Inflation has proven stronger for General Mills than for Pillsbury’s cinnamon rolls.
Still, the Golden Valley-based food maker has again raised its near-term financial outlook, beating analysts’ expectations in the most recent quarter, despite a 16% decline in earnings.
CEO Jeff Harmening told analysts on Thursday morning, “Consumers are looking pretty strong and at the same time eating at home more than they did pre-pandemic.” We plan to continue this momentum by further investing in , innovation and capabilities.”
Here are four takeaways from Thursday’s earnings calls from the makers of Cheerios, Blue Buffalo, and Yoplait.
‘Mid-single-digit inflation’ in FY2024
General Mills expects input costs to ultimately rise 15% for the fiscal year ending May. Inflation will improve significantly next year, into the mid-single-digit range, business executives said.
But Harmening warned that a “normal” inflation environment is at least 12 months away.
Higher wages and higher costs from suppliers are expected to drive continued cost increases. This can lead to lower sales volumes and further price increases to maintain revenue growth and profit margins.
Chief Financial Officer Kofi Bruce said in an interview that the company will focus first on efficiency and cost savings, paying attention to consumer value when considering changes in pricing, promotions and package sizes. rice field.
“We didn’t choose these operating conditions — who would? — but what matters is how you stand up in the moment and what you’re ready to do,” he said. rice field. “We are not fully operational, but we operate more competitively than our competitors.”
No private label worries
The company’s management has brushed off concerns that consumers will switch to store brands to save money in the face of stubbornly high inflation.
“We have a strong brand first,” Harmening said, with limited exposure to private-label competitors. The company has also spent significantly more money on marketing in recent months.
“If you invest through this cycle, you will get better results on the other side,” Bruce said.

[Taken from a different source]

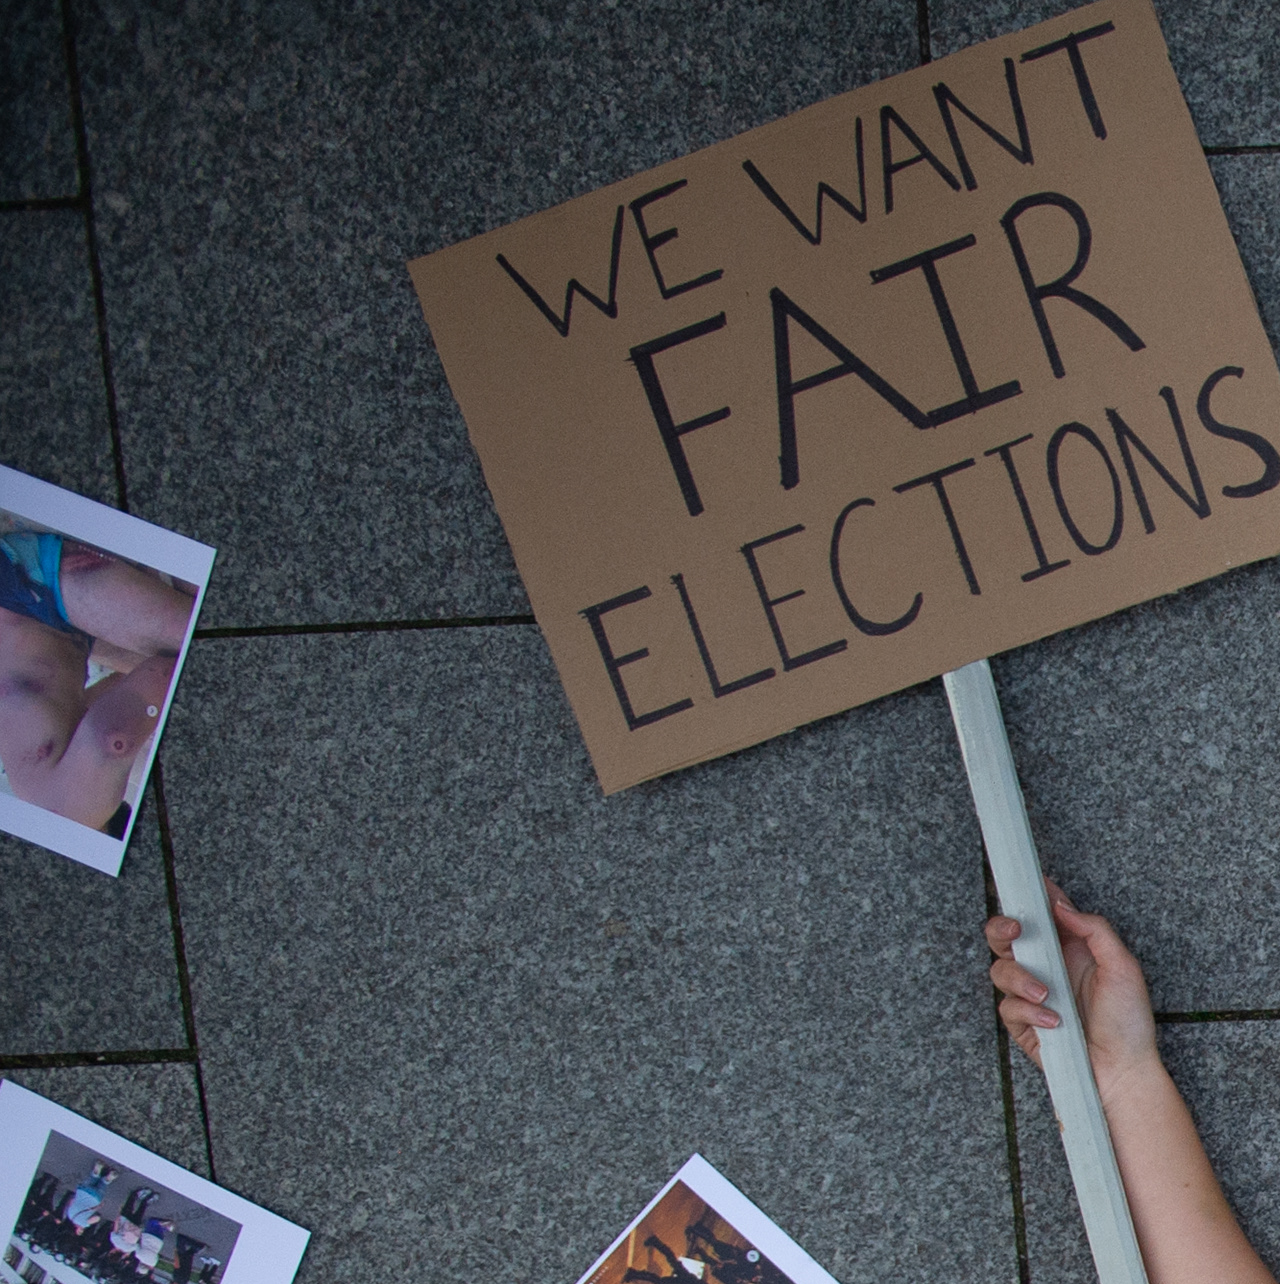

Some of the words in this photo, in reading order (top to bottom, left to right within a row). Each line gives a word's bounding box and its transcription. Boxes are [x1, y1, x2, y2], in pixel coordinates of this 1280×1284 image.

During the 2008 recession, the company was able to maintain market share in many categories when private label got a big boost.
John Nudy, president of retail in North America, said brands and businesses with lower market share would be hit harder as shoppers switch to private labels.

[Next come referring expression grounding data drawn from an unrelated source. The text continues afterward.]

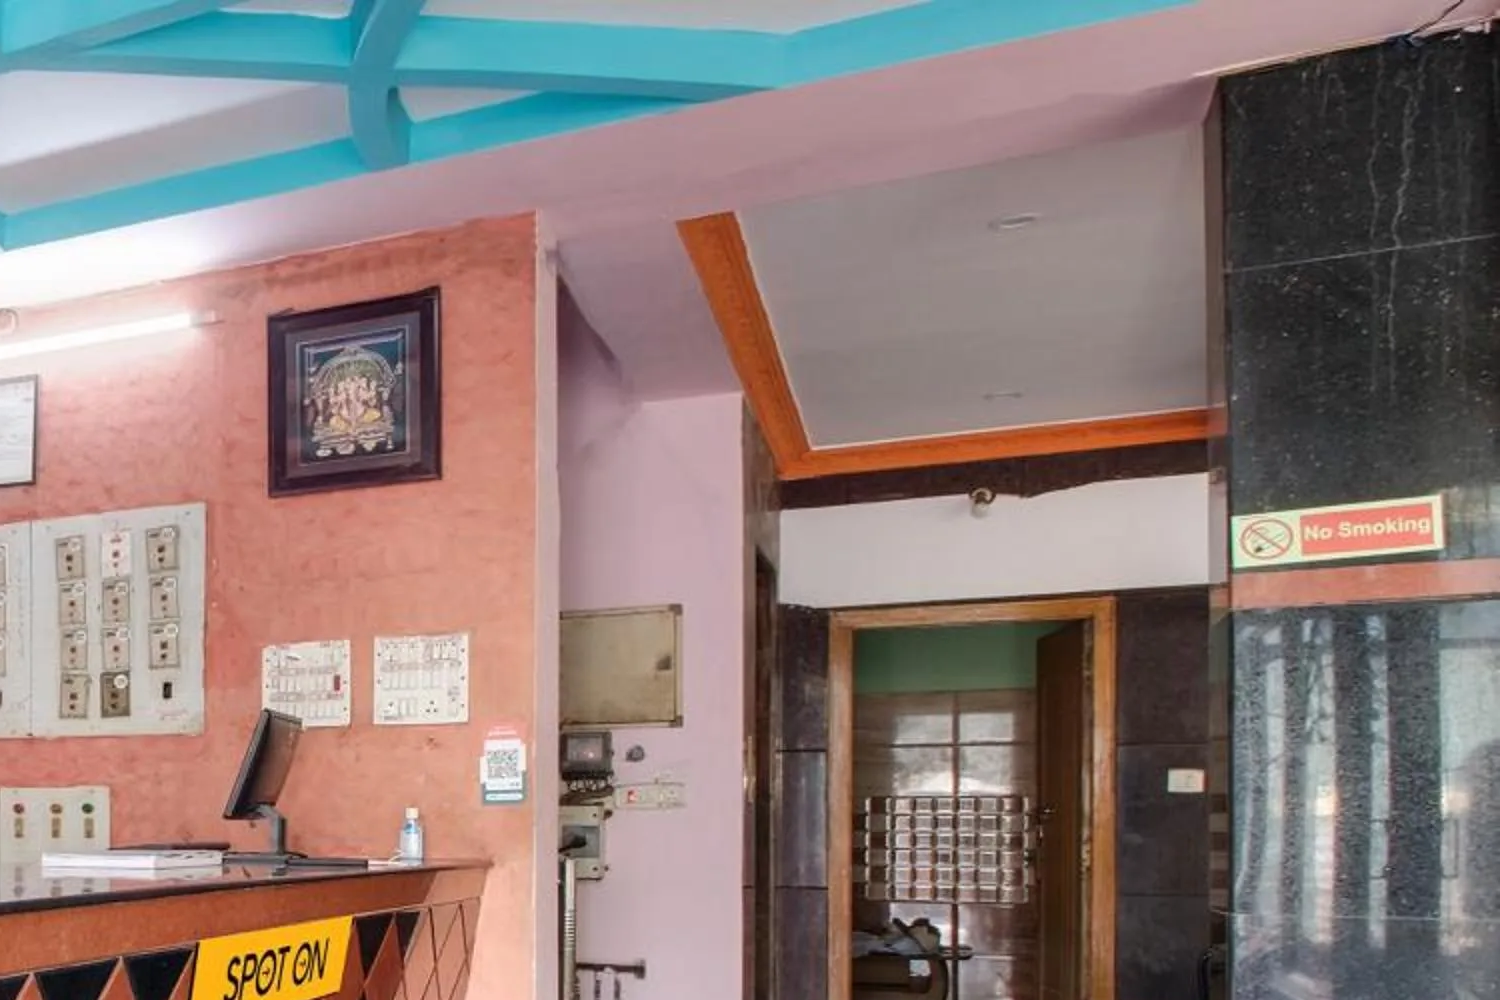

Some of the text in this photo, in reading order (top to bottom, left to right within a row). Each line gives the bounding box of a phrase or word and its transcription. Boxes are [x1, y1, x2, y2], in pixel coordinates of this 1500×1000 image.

[1303, 516, 1431, 541] No Smoking
[292, 937, 330, 986] ON
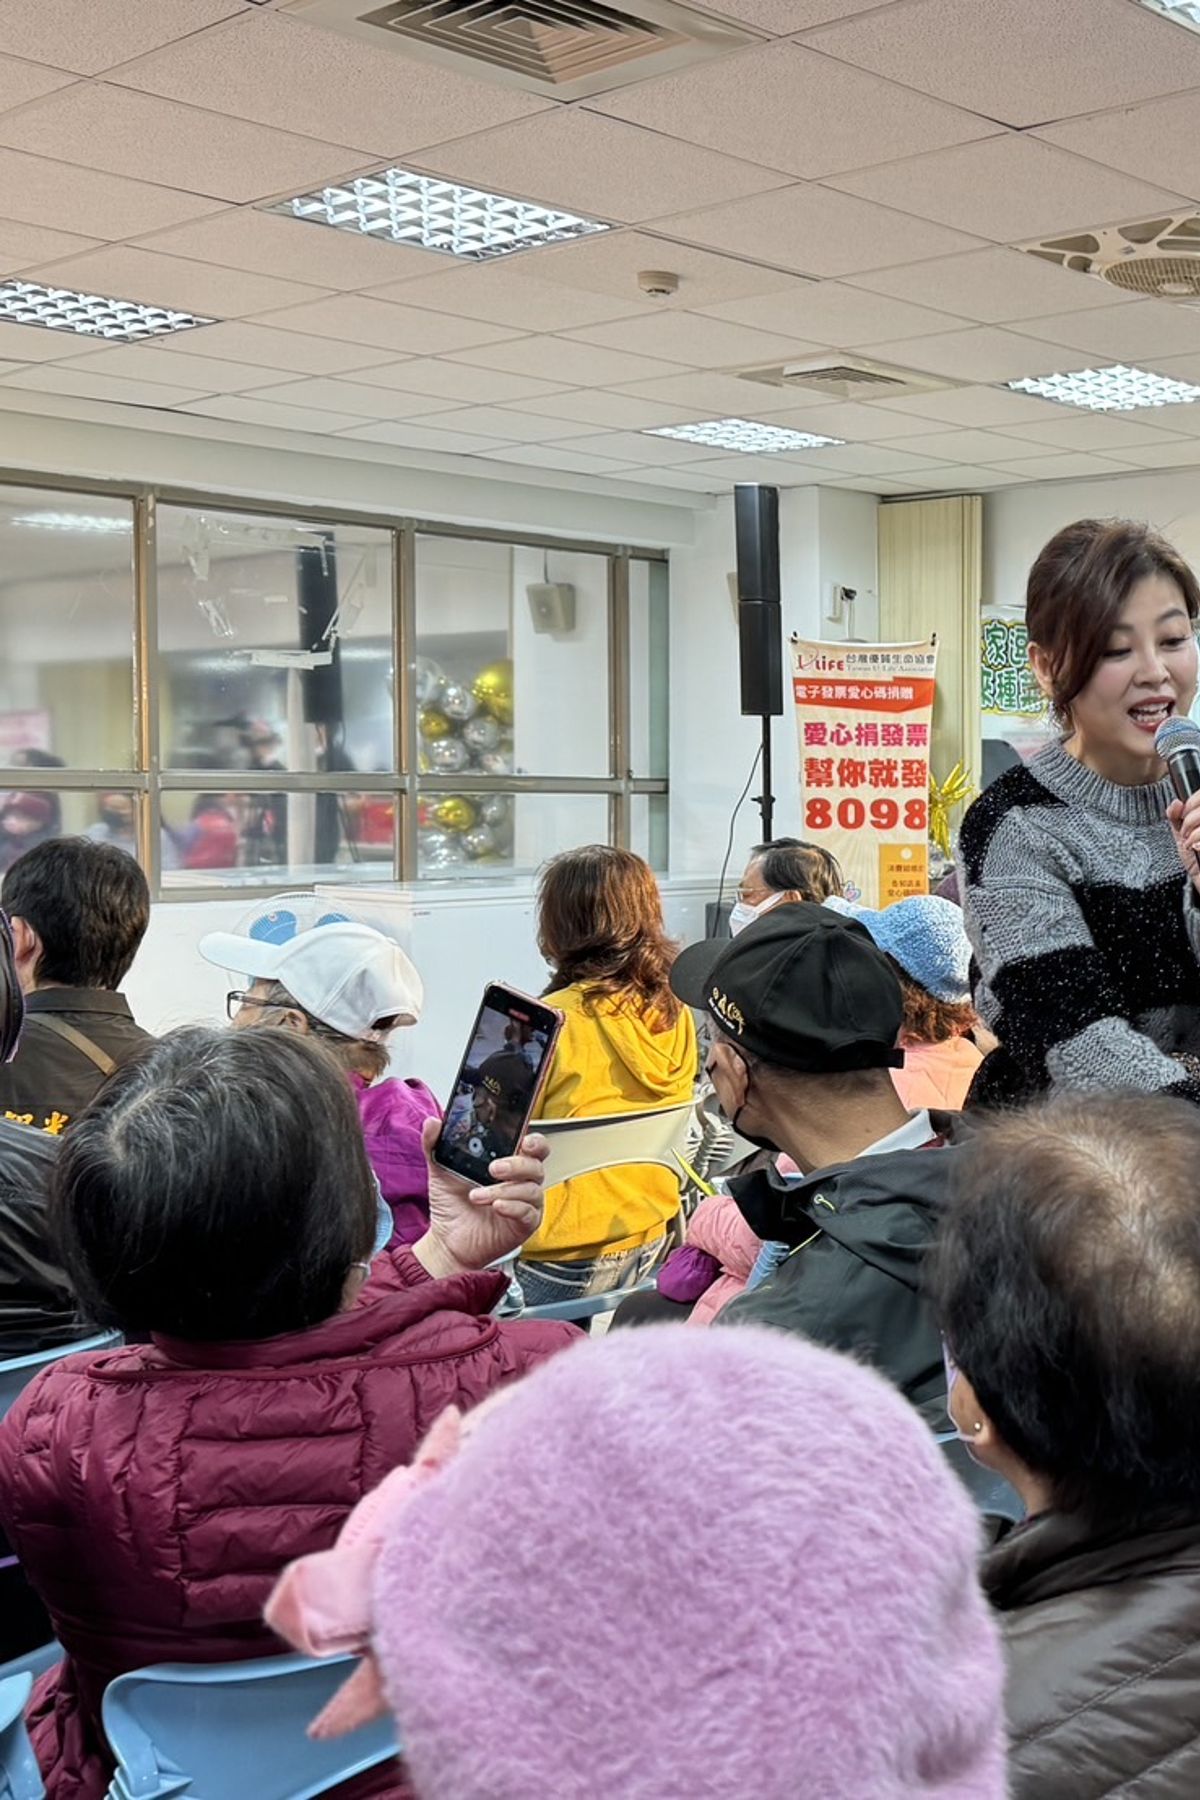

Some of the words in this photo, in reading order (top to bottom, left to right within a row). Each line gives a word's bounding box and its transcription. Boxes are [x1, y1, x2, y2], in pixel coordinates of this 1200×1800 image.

[804, 722, 928, 747] 愛心捐發票
[804, 757, 927, 789] 幫你就發
[805, 798, 927, 830] 8098

International Häagen-Dazs recall costs
A pint of Haagen-Dazs ice cream made in France was removed from shelves around the world last year due to possible pesticide contamination.On Thursday, General Mills estimated the recall cost $26 million.
Dozens of countries, from Ireland to the Philippines, have recalled several flavors of ice cream brands due to the possible presence of the carcinogen ethylene oxide. The chemical, found in trace amounts in certain lots of ice cream, is used as an insecticide or fungicide and is banned in the European Union.

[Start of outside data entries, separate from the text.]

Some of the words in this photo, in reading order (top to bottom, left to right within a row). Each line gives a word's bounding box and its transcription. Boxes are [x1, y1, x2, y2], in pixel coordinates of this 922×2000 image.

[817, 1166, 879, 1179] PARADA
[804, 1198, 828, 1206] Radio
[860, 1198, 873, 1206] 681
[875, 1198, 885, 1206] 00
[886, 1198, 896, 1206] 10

In a previous news release, General Mills said, “No products sold in the United States using another supplier are involved in this recall.”
Sales increase, profit decrease
General Mills’ quarterly earnings fell 16% to $553 million this winter, while sales increased 13% year-over-year.
Adjusted earnings per share were 97 cents, beating analyst expectations by 5 cents.
“We had a great quarter and we had a lot of momentum across the board,” Bruce said, pointing to a resurgence in the foodservice business and a rebound in pet sales after destocking.
Revenue for the third quarter, December through February, was $5.1 billion.
The company’s shares rose nearly 3% on Thursday to close at $82.15. It has traded as high as $88.34 and as low as $64.42 over the past 52 weeks.